> [TASK BRIEF]: Word for word, set down the entries that follow.

> [ENTRIES SUPPLIED]:
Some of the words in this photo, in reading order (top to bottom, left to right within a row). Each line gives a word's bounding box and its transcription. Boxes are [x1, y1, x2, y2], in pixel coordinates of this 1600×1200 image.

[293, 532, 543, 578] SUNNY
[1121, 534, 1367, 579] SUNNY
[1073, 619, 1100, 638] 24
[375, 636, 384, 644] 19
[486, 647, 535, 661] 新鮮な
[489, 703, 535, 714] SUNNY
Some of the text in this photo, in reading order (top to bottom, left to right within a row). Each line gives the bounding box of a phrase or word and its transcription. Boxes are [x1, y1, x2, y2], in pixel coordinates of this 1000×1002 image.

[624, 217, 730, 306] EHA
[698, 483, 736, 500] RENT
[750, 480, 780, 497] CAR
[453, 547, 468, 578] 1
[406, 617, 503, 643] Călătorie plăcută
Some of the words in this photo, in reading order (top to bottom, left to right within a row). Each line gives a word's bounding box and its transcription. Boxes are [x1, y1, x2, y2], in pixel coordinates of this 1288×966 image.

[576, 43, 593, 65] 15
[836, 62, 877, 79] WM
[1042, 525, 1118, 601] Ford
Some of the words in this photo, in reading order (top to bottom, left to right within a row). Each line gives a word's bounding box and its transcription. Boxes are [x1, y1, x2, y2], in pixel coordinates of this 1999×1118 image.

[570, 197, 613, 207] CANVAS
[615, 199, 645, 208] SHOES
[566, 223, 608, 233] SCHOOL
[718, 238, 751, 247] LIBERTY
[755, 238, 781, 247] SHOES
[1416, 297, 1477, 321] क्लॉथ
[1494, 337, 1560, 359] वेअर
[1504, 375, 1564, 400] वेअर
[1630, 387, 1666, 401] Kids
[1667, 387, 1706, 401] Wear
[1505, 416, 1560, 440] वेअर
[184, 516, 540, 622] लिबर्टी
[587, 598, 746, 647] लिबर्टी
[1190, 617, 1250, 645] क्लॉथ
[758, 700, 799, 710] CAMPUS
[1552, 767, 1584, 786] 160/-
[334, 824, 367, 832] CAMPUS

> [THE ANSWER]:
Some of the words in this photo, in reading order (top to bottom, left to right within a row). Each line gives a word's bounding box and its transcription. Boxes are [x1, y1, x2, y2], in pixel coordinates of this 1600×1200 image.

[293, 532, 543, 578] SUNNY
[1121, 534, 1367, 579] SUNNY
[1073, 619, 1100, 638] 24
[375, 636, 384, 644] 19
[486, 647, 535, 661] 新鮮な
[489, 703, 535, 714] SUNNY
Some of the text in this photo, in reading order (top to bottom, left to right within a row). Each line gives the bounding box of a phrase or word and its transcription. Boxes are [x1, y1, x2, y2], in pixel coordinates of this 1000×1002 image.

[624, 217, 730, 306] EHA
[698, 483, 736, 500] RENT
[750, 480, 780, 497] CAR
[453, 547, 468, 578] 1
[406, 617, 503, 643] Călătorie plăcută
Some of the words in this photo, in reading order (top to bottom, left to right within a row). Each line gives a word's bounding box and its transcription. Boxes are [x1, y1, x2, y2], in pixel coordinates of this 1288×966 image.

[576, 43, 593, 65] 15
[836, 62, 877, 79] WM
[1042, 525, 1118, 601] Ford
Some of the words in this photo, in reading order (top to bottom, left to right within a row). Each line gives a word's bounding box and its transcription. Boxes are [x1, y1, x2, y2], in pixel coordinates of this 1999×1118 image.

[570, 197, 613, 207] CANVAS
[615, 199, 645, 208] SHOES
[566, 223, 608, 233] SCHOOL
[718, 238, 751, 247] LIBERTY
[755, 238, 781, 247] SHOES
[1416, 297, 1477, 321] क्लॉथ
[1494, 337, 1560, 359] वेअर
[1504, 375, 1564, 400] वेअर
[1630, 387, 1666, 401] Kids
[1667, 387, 1706, 401] Wear
[1505, 416, 1560, 440] वेअर
[184, 516, 540, 622] लिबर्टी
[587, 598, 746, 647] लिबर्टी
[1190, 617, 1250, 645] क्लॉथ
[758, 700, 799, 710] CAMPUS
[1552, 767, 1584, 786] 160/-
[334, 824, 367, 832] CAMPUS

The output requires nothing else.